Images for object localization:
....
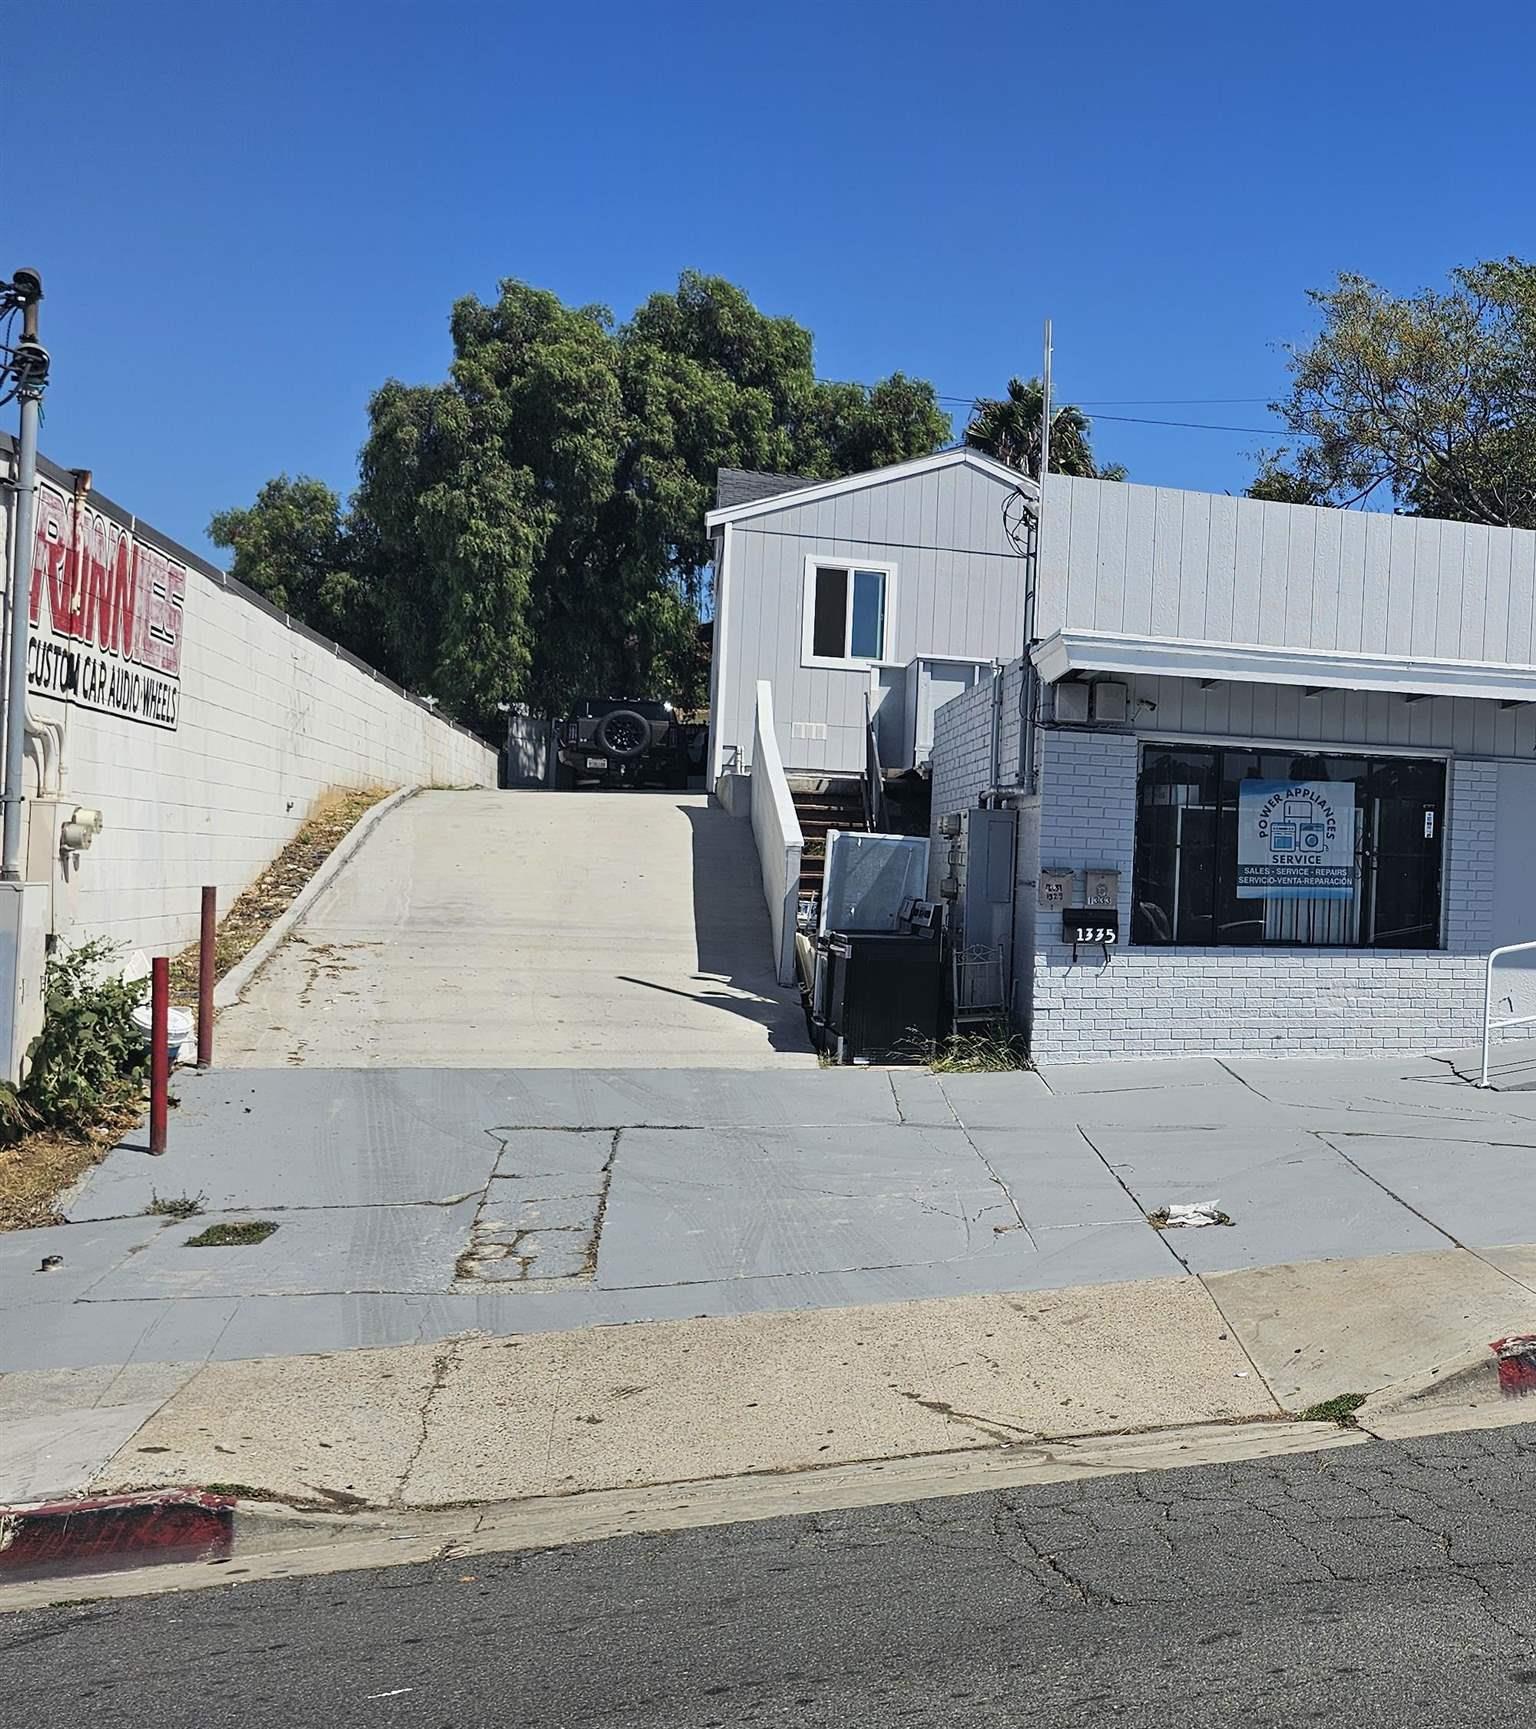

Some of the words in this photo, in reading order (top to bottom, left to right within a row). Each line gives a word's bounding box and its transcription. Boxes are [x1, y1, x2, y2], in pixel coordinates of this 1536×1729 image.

[28, 636, 80, 697] CUSTOM
[83, 655, 107, 705] CAR
[108, 665, 140, 713] AUDIO
[142, 675, 177, 724] WHEELS
[1259, 793, 1283, 838] POWER
[1286, 788, 1336, 840] APPLIANCES
[1272, 854, 1321, 865] SERVICE
[1244, 867, 1270, 875] SALES
[1276, 867, 1309, 876] SERVICE
[1315, 868, 1347, 876] REPAIRS
[1076, 927, 1116, 944] 1335
....
• _Required work_: Going through the records above line by line, transcribe each one exactly and skip any pictures.

• _Answer box_:
Some of the words in this photo, in reading order (top to bottom, left to right within a row). Each line gives a word's bounding box and its transcription. Boxes are [x1, y1, x2, y2], in pixel coordinates of this 1536×1729 image.

[28, 636, 80, 697] CUSTOM
[83, 655, 107, 705] CAR
[108, 665, 140, 713] AUDIO
[142, 675, 177, 724] WHEELS
[1259, 793, 1283, 838] POWER
[1286, 788, 1336, 840] APPLIANCES
[1272, 854, 1321, 865] SERVICE
[1244, 867, 1270, 875] SALES
[1276, 867, 1309, 876] SERVICE
[1315, 868, 1347, 876] REPAIRS
[1076, 927, 1116, 944] 1335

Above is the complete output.